*DESCRIPTION OF THE TASK*
With the images removed, repeat the data below exactly.
○ ○ ○ ○
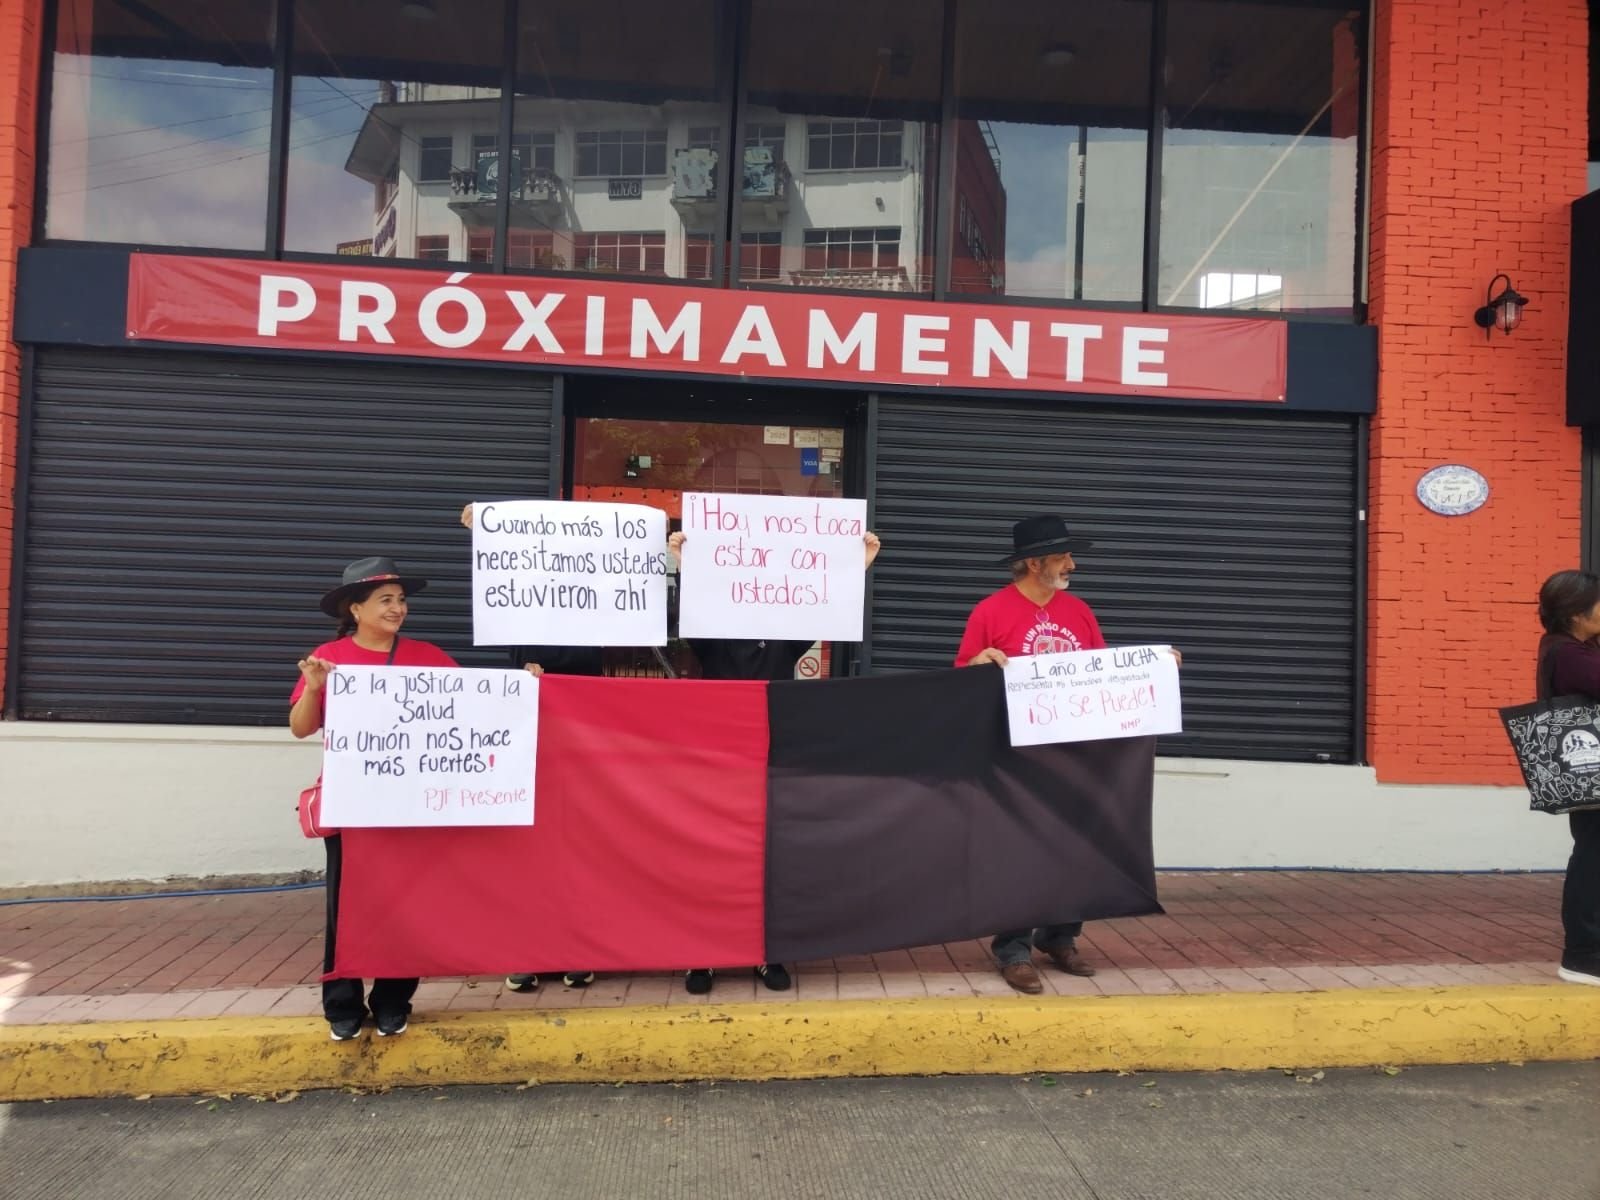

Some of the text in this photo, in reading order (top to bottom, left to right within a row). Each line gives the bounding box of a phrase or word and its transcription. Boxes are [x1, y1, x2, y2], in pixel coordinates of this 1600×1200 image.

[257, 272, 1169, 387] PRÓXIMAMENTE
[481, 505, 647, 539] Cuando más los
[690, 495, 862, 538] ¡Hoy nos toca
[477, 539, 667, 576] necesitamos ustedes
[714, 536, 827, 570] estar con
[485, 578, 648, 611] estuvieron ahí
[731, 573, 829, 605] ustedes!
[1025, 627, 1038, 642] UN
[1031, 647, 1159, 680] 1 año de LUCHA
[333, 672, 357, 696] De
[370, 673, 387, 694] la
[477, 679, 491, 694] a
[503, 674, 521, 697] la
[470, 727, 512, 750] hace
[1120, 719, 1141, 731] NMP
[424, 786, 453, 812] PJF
○ ○ ○ ○
*ANSWER TO THE PROBLEM*
Some of the text in this photo, in reading order (top to bottom, left to right within a row). Each line gives the bounding box of a phrase or word and its transcription. Boxes are [x1, y1, x2, y2], in pixel coordinates of this 1600×1200 image.

[257, 272, 1169, 387] PRÓXIMAMENTE
[481, 505, 647, 539] Cuando más los
[690, 495, 862, 538] ¡Hoy nos toca
[477, 539, 667, 576] necesitamos ustedes
[714, 536, 827, 570] estar con
[485, 578, 648, 611] estuvieron ahí
[731, 573, 829, 605] ustedes!
[1025, 627, 1038, 642] UN
[1031, 647, 1159, 680] 1 año de LUCHA
[333, 672, 357, 696] De
[370, 673, 387, 694] la
[477, 679, 491, 694] a
[503, 674, 521, 697] la
[470, 727, 512, 750] hace
[1120, 719, 1141, 731] NMP
[424, 786, 453, 812] PJF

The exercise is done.